**EXCERPTED RECORDS:**
+---+

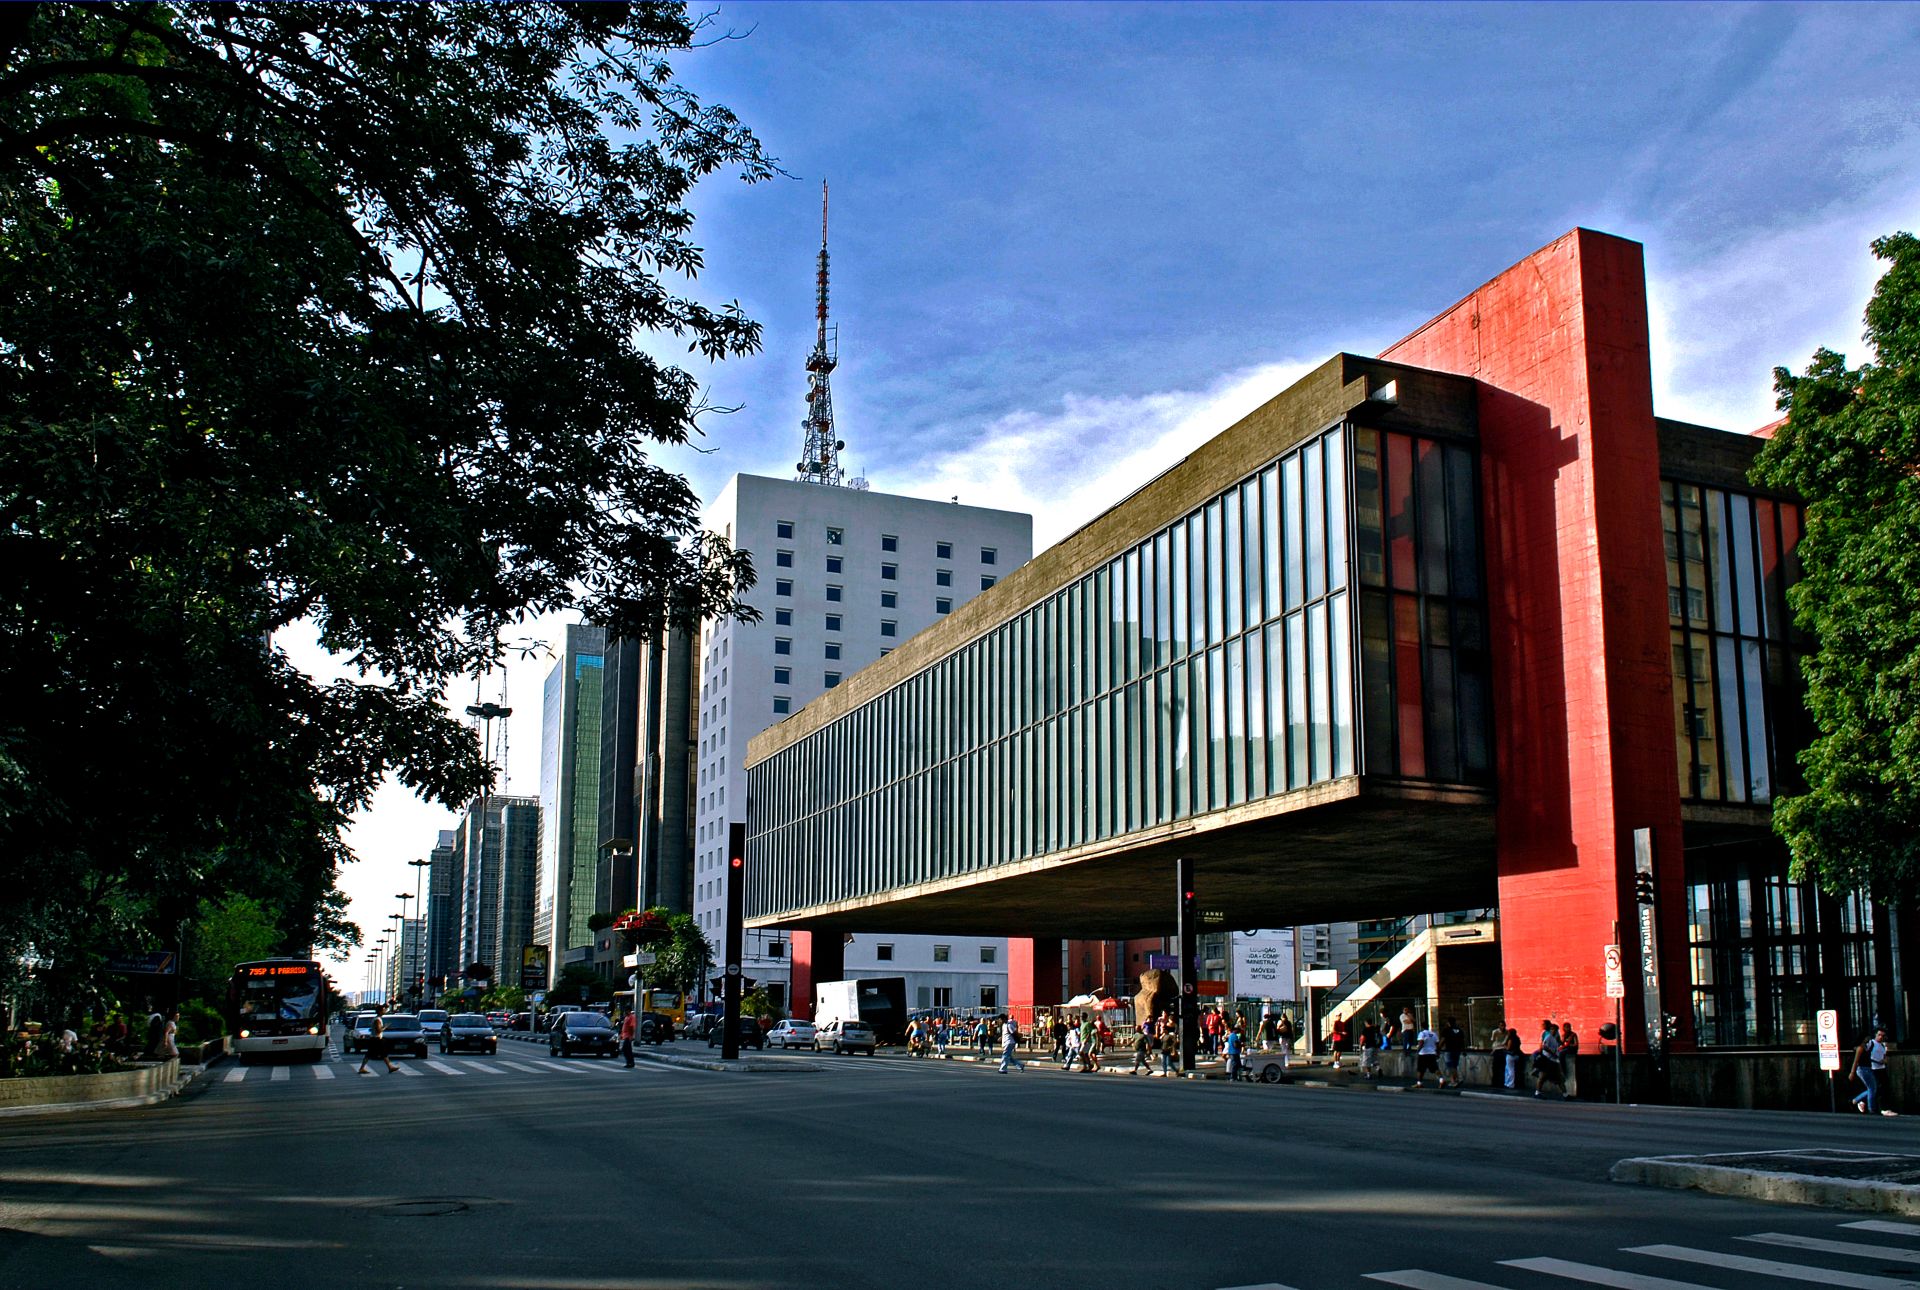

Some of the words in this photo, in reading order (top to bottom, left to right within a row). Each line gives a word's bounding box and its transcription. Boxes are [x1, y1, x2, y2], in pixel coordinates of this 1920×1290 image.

[1641, 908, 1652, 954] Paulista
[1644, 956, 1654, 972] Av.
[1824, 1016, 1829, 1026] E
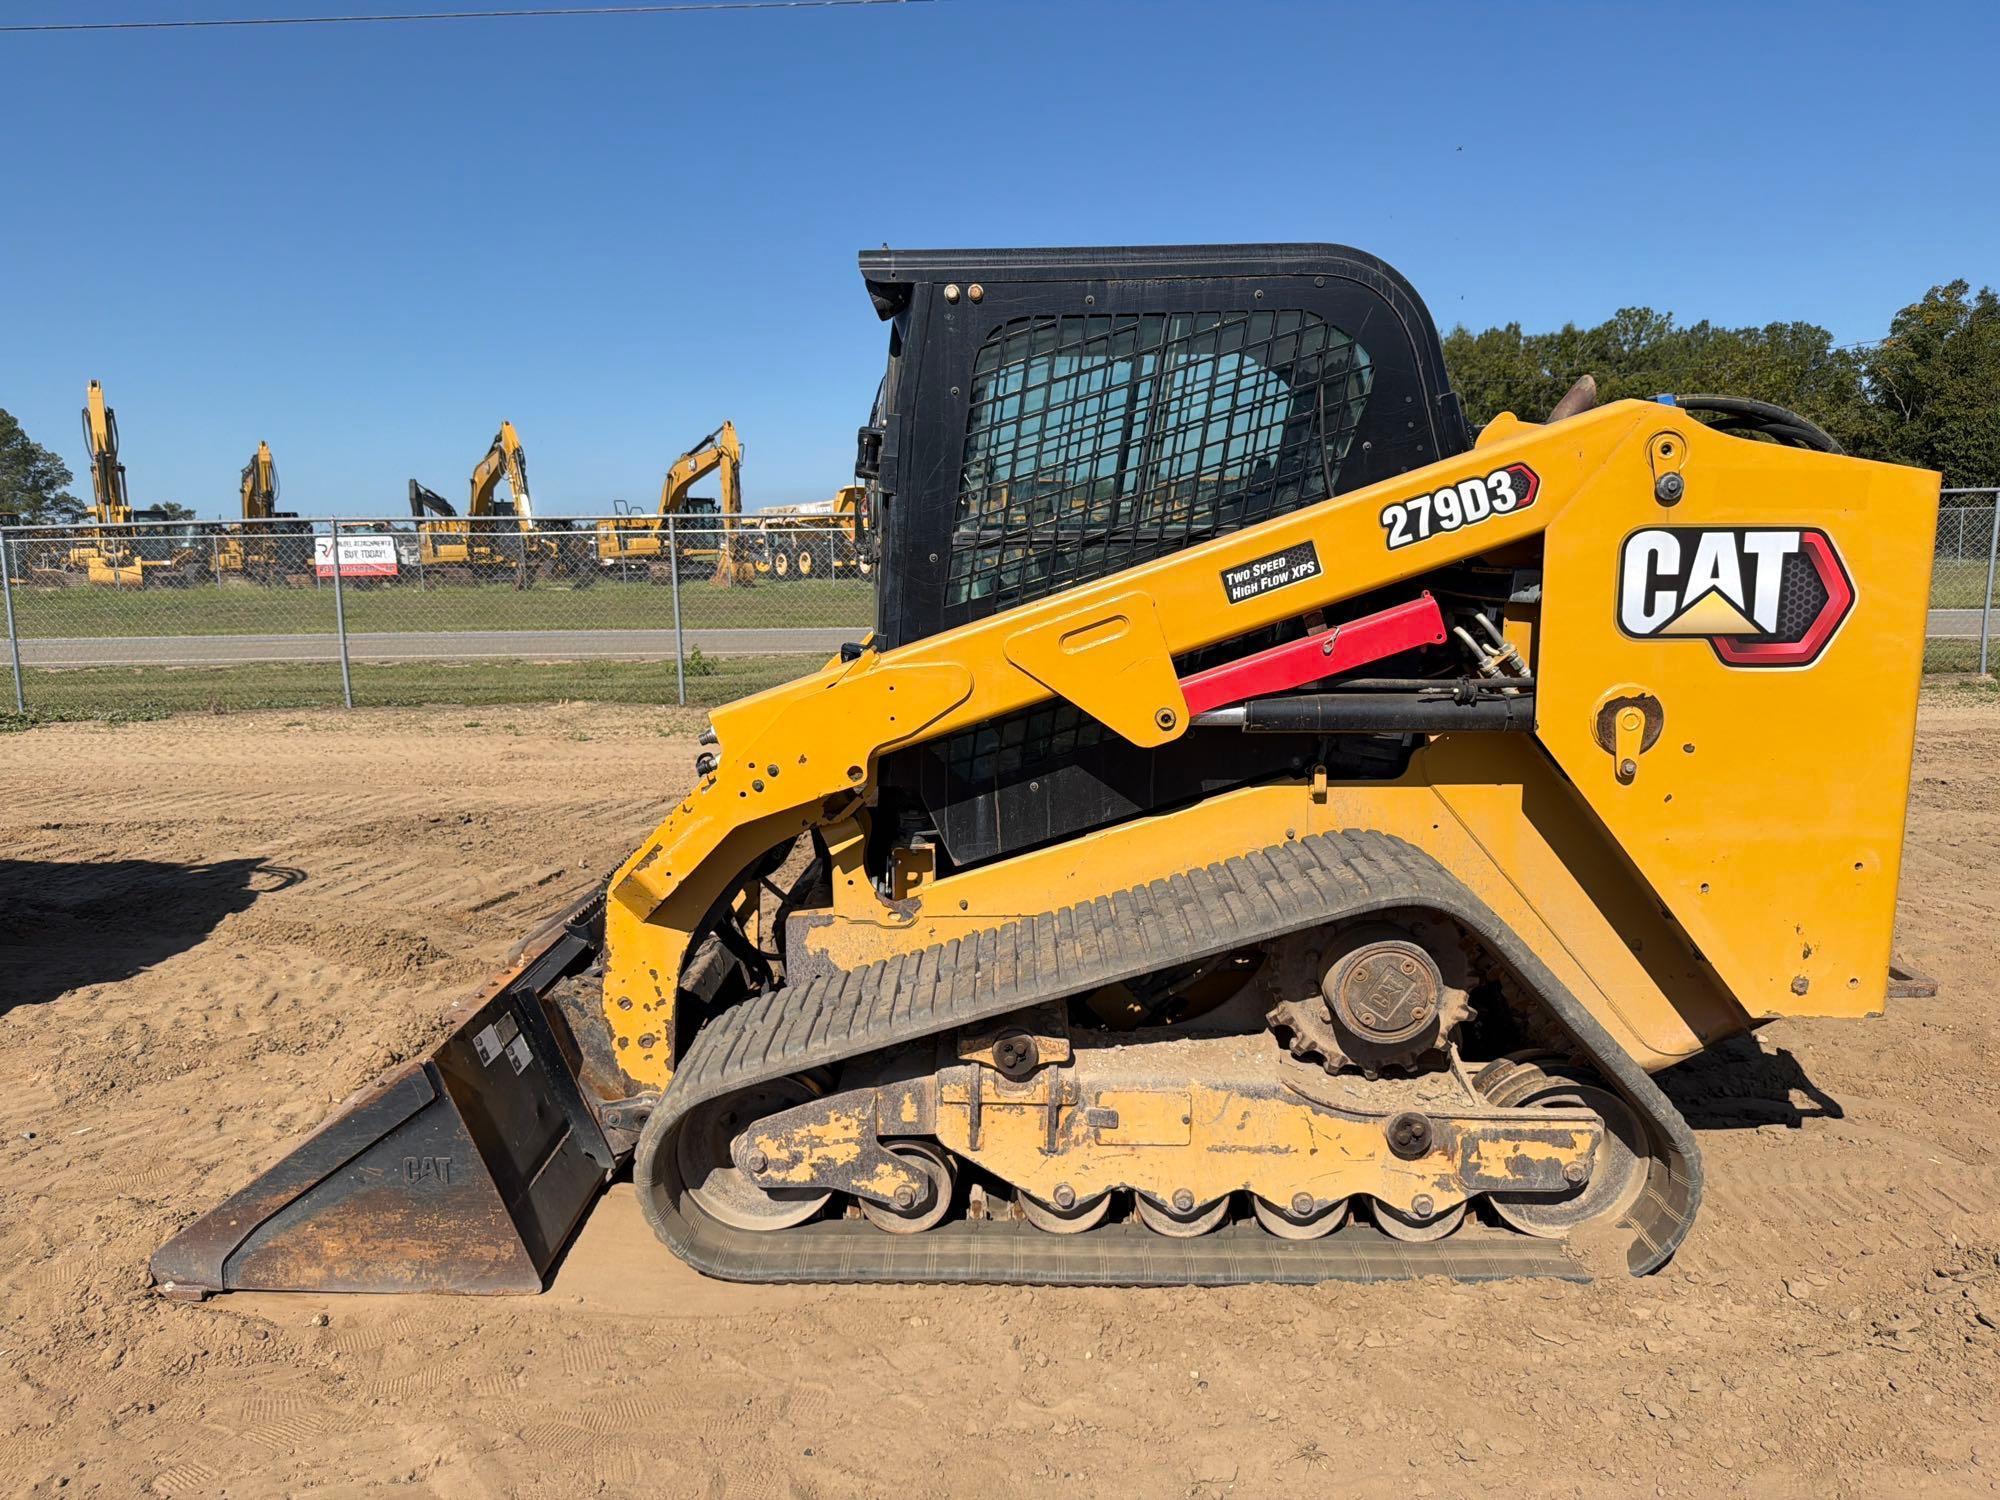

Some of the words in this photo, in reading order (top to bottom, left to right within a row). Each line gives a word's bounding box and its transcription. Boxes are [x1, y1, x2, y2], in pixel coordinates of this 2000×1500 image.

[1382, 470, 1517, 548] 279D3
[1226, 569, 1250, 586] TWO
[1252, 557, 1286, 577] SPEED
[1291, 561, 1315, 579] XPS
[1621, 530, 1800, 634] CAT
[1368, 973, 1406, 1008] CAT
[402, 1156, 452, 1185] CAT
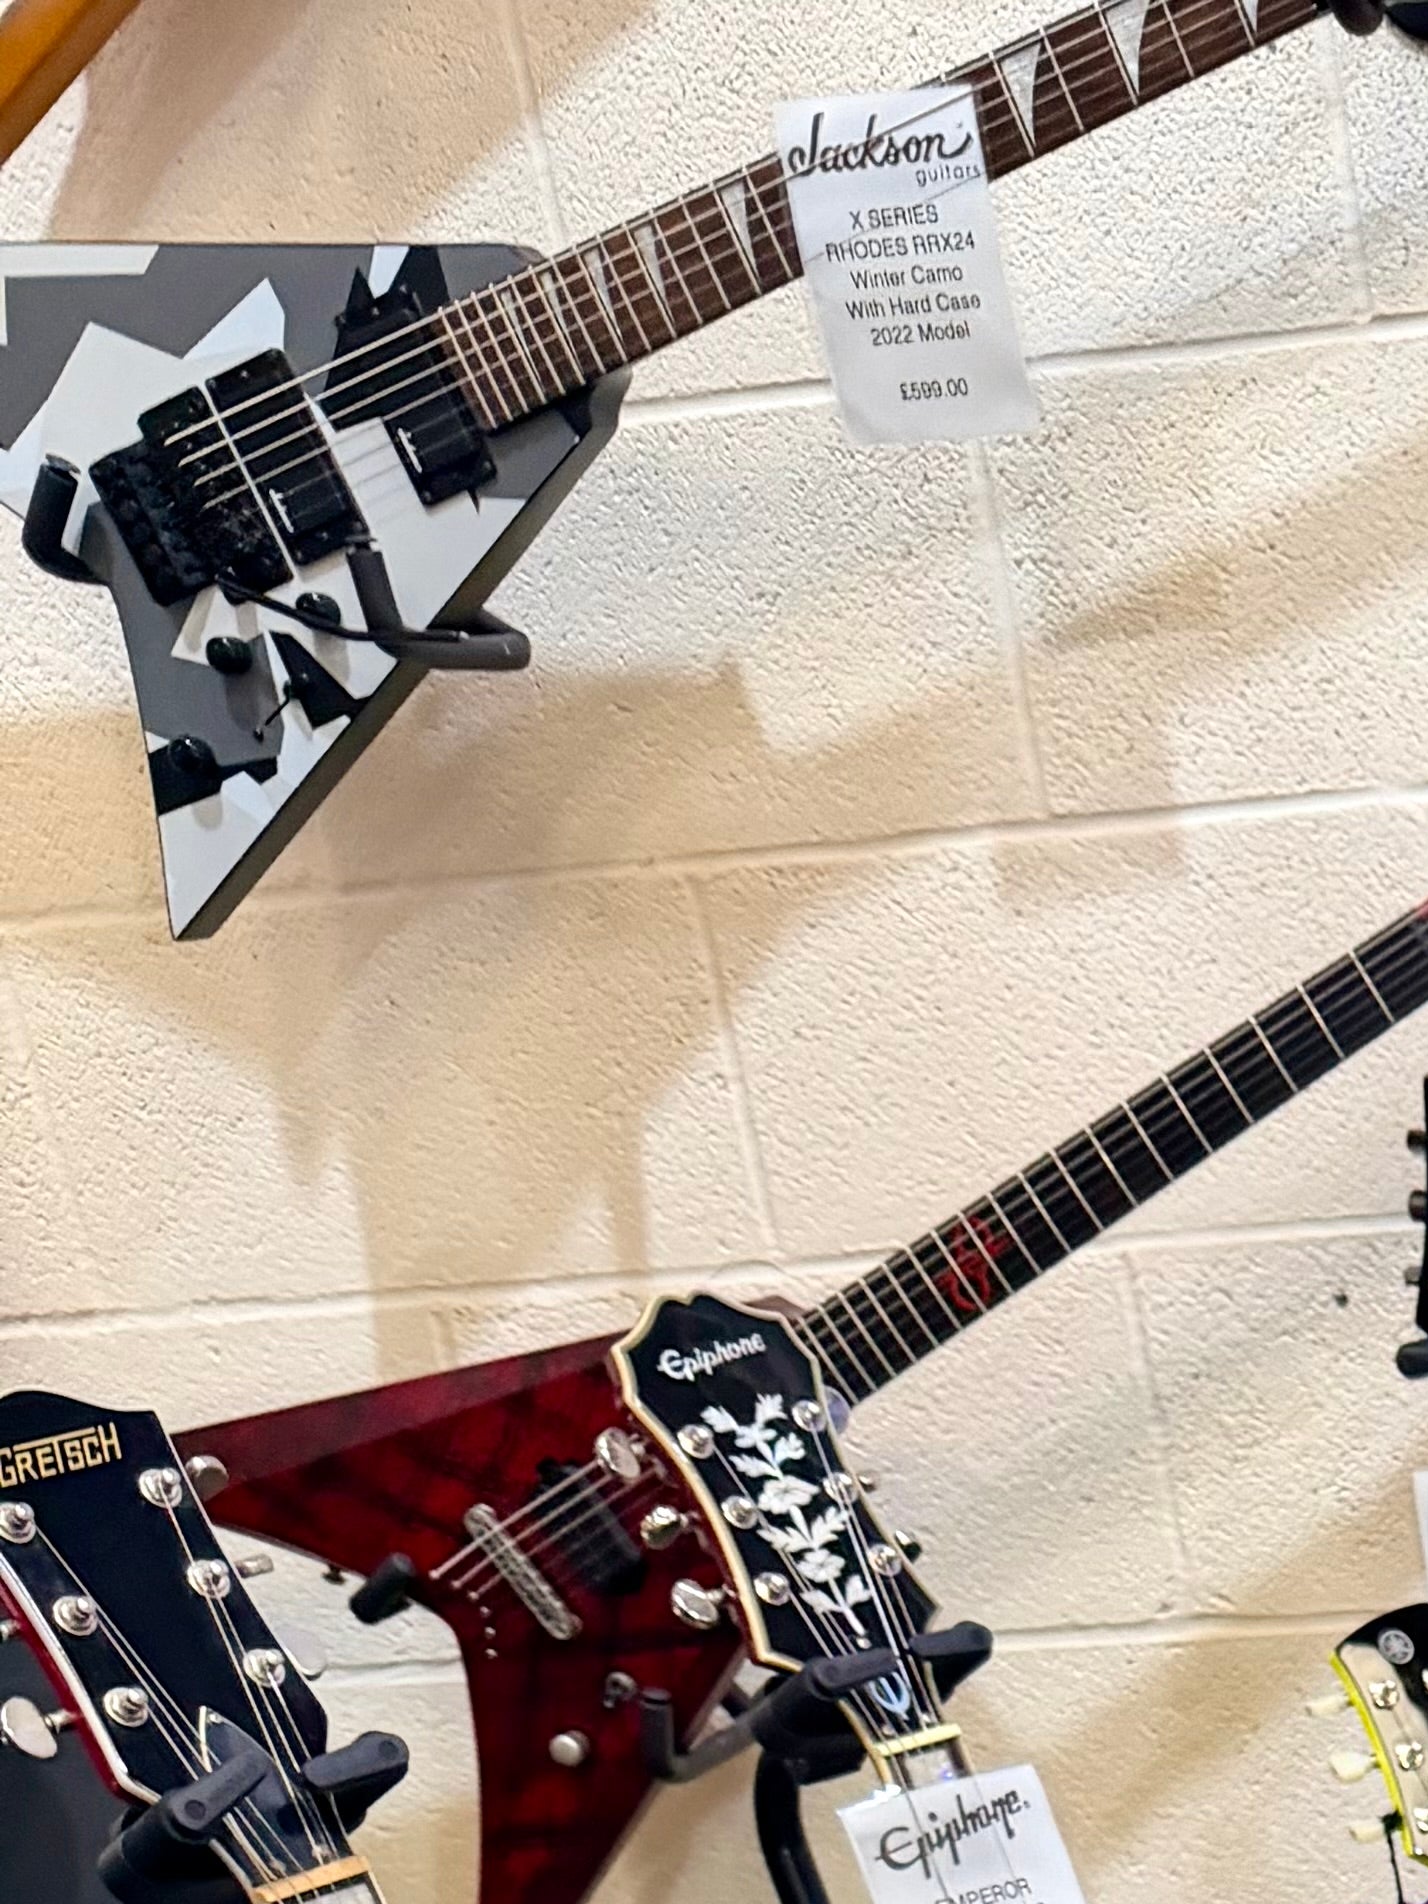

+---+

**ACTIVITY:** Every line above should be output exactly, except for the pictures.

**EXERCISE OUTPUT:**
Some of the words in this photo, in reading order (top to bottom, left to right within a row). Each line gives a word's bounding box and its transcription. Boxes are [x1, y1, x2, y2], in pixel coordinates of this 1920×1290 image.

[1641, 908, 1652, 954] Paulista
[1644, 956, 1654, 972] Av.
[1824, 1016, 1829, 1026] E

Some of the words in this photo, in reading order (top to bottom, left to right within a row). Each line gives a word's bounding box and its transcription. Boxes are [x1, y1, x2, y2], in pixel coordinates of this 2000×1500 image.

[1382, 470, 1517, 548] 279D3
[1226, 569, 1250, 586] TWO
[1252, 557, 1286, 577] SPEED
[1291, 561, 1315, 579] XPS
[1621, 530, 1800, 634] CAT
[1368, 973, 1406, 1008] CAT
[402, 1156, 452, 1185] CAT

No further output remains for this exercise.